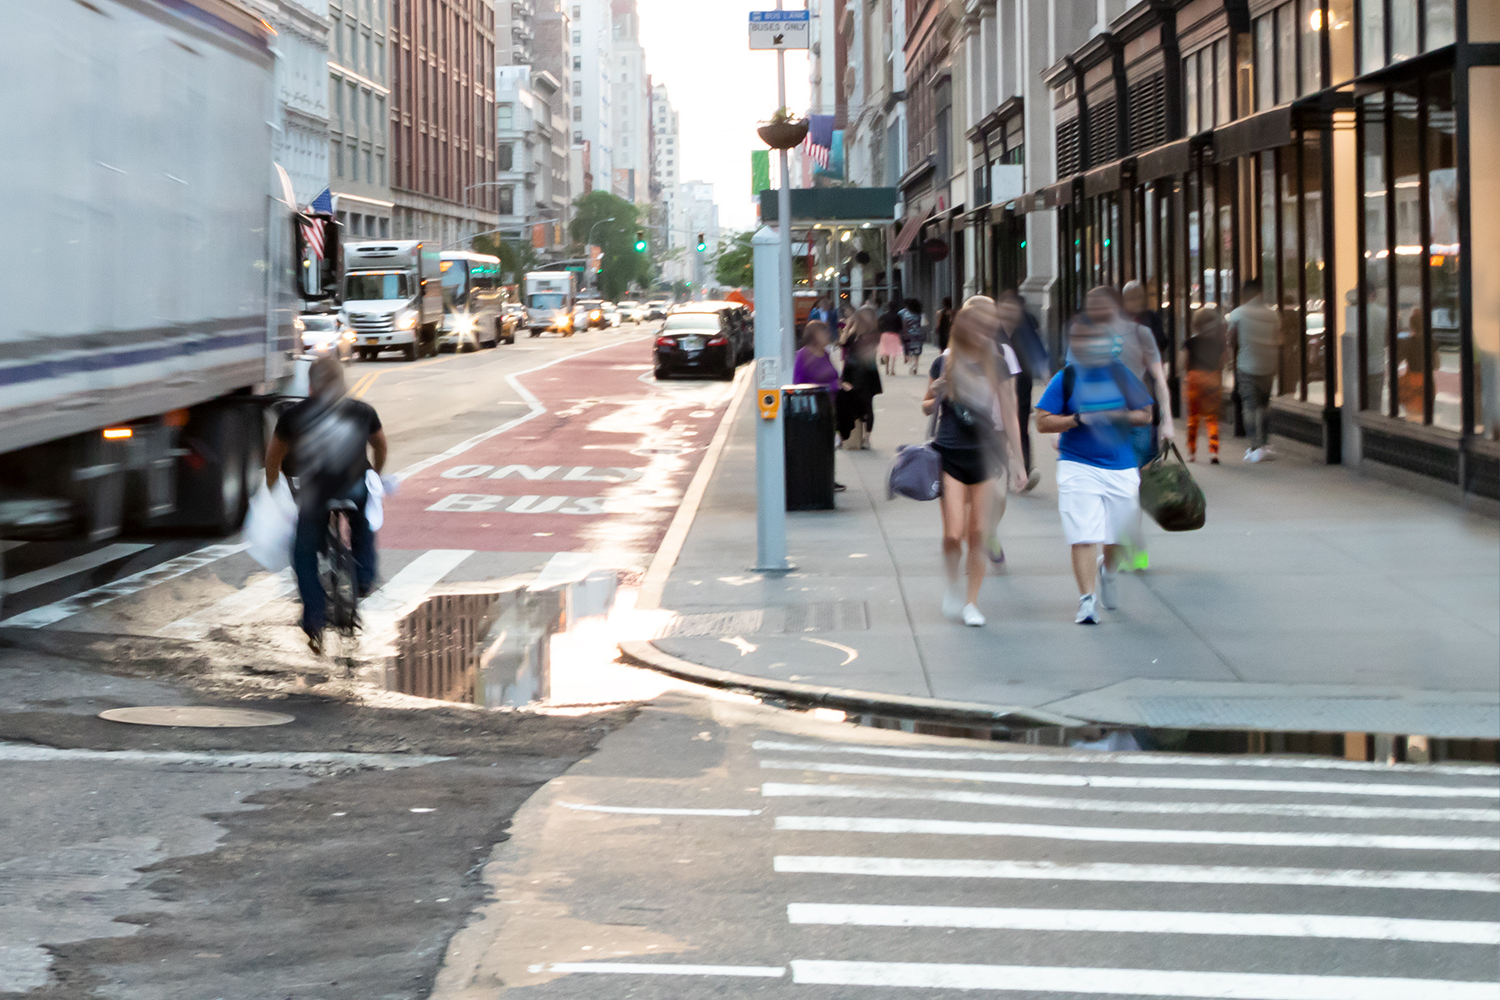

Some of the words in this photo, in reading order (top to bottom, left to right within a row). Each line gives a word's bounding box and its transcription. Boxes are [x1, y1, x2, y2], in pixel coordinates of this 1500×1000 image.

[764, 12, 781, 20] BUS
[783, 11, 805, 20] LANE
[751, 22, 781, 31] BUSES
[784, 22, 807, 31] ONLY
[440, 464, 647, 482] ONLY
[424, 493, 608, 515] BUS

▸ **Problem to work on**:
Drop the pictures and give every line above again exactly.

▸ **Answer to this task**:
Some of the words in this photo, in reading order (top to bottom, left to right within a row). Each line gives a word's bounding box and its transcription. Boxes are [x1, y1, x2, y2], in pixel coordinates of this 1500×1000 image.

[764, 12, 781, 20] BUS
[783, 11, 805, 20] LANE
[751, 22, 781, 31] BUSES
[784, 22, 807, 31] ONLY
[440, 464, 647, 482] ONLY
[424, 493, 608, 515] BUS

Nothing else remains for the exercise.